Personally, I don't like that auto-insert stuff, it just trips me up.

Didn't you argue for autoinserting? If you don't want it, you can turn
it off (it's implemented).


I think it's great that it exists *for the people who DO like it*. I'm just not one of them. It conflicts with my automatic muscle memory and my deep-ingrained mental model of keyboard-based computer interaction. :/


Your suggestion is a hack

It's no more of a hack than ANY modern editor feature.

Besides, that's not even an argument anyway, it's subjective bullshit.

I've pointed out over and over how this and other editor features effectively bring the two styles of closing tokens into parity (again, assuming one is ok with auto-insert, which many people are). Why are you so determined to completely ignore that argument?


and less popular than XML.

That's even more nonsensical: You're not actually going to use popularly as an argument in a merit-oriented debate, are you?

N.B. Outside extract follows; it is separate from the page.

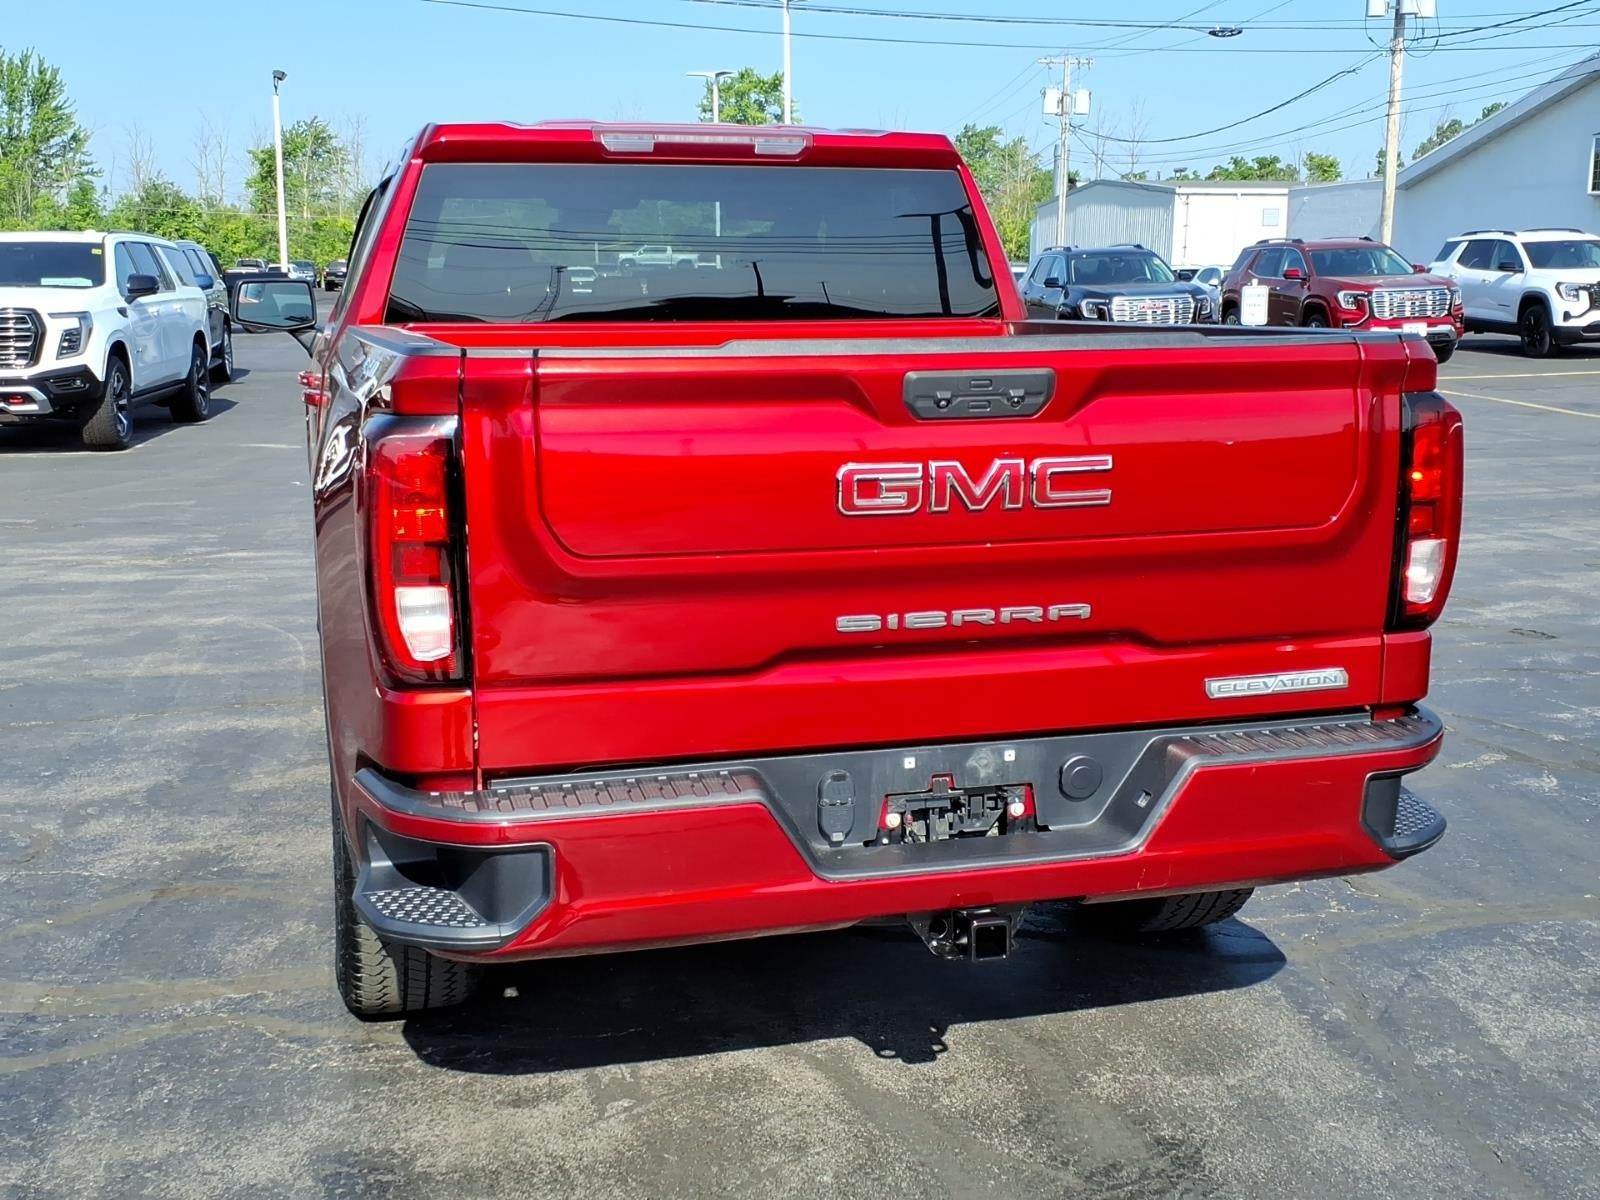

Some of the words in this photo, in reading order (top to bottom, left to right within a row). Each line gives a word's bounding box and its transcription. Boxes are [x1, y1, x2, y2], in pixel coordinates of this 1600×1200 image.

[836, 455, 1113, 516] GMC
[836, 603, 1091, 632] SIERRA
[1216, 674, 1339, 694] ELEVATION

"That's a flawed idea *because* it's not popular." See? Obviously doesn't work.


Though, I don't see
why create the problem with succinct language and then heroically solve
it? (oh, wait, not yet)

Are you deliberately ignoring the part (which I've already pointed out) where this is obviously not limited to merely JSON alone, or even just data-formats, at all, but generally applicable to any language which uses a single same token to terminate all types of nested blocks?

If you're going to argue something, at least *attempt* to address the actual points that have been raised. Otherwise there's no point in discussing anything.